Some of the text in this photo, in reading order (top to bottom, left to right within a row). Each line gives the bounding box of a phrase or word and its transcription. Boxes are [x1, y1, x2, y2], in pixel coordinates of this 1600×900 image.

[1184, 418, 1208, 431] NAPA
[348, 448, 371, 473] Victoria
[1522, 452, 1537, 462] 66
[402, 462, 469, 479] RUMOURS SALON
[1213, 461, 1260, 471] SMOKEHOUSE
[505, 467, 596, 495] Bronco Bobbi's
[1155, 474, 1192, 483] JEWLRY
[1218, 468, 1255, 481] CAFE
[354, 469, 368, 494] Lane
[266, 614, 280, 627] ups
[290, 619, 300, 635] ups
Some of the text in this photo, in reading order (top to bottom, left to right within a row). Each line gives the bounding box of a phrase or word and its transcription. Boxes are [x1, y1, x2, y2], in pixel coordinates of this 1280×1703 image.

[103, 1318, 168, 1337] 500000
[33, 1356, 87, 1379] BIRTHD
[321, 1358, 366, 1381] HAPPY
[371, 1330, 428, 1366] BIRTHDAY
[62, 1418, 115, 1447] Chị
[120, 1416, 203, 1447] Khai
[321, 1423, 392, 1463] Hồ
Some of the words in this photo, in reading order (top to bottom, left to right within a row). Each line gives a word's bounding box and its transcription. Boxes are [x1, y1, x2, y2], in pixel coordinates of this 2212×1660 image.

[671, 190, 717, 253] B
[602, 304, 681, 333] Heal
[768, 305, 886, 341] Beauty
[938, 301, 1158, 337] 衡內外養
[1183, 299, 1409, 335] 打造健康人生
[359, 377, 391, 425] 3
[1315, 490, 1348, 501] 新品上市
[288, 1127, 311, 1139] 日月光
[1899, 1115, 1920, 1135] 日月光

## TASK OBJECTIVE
The only output should be the lines from the one containing "Some of the words" through the final line of the material above, copied exactly.

## RESPONSE TO THIS EXERCISE
Some of the words in this photo, in reading order (top to bottom, left to right within a row). Each line gives a word's bounding box and its transcription. Boxes are [x1, y1, x2, y2], in pixel coordinates of this 2212×1660 image.

[671, 190, 717, 253] B
[602, 304, 681, 333] Heal
[768, 305, 886, 341] Beauty
[938, 301, 1158, 337] 衡內外養
[1183, 299, 1409, 335] 打造健康人生
[359, 377, 391, 425] 3
[1315, 490, 1348, 501] 新品上市
[288, 1127, 311, 1139] 日月光
[1899, 1115, 1920, 1135] 日月光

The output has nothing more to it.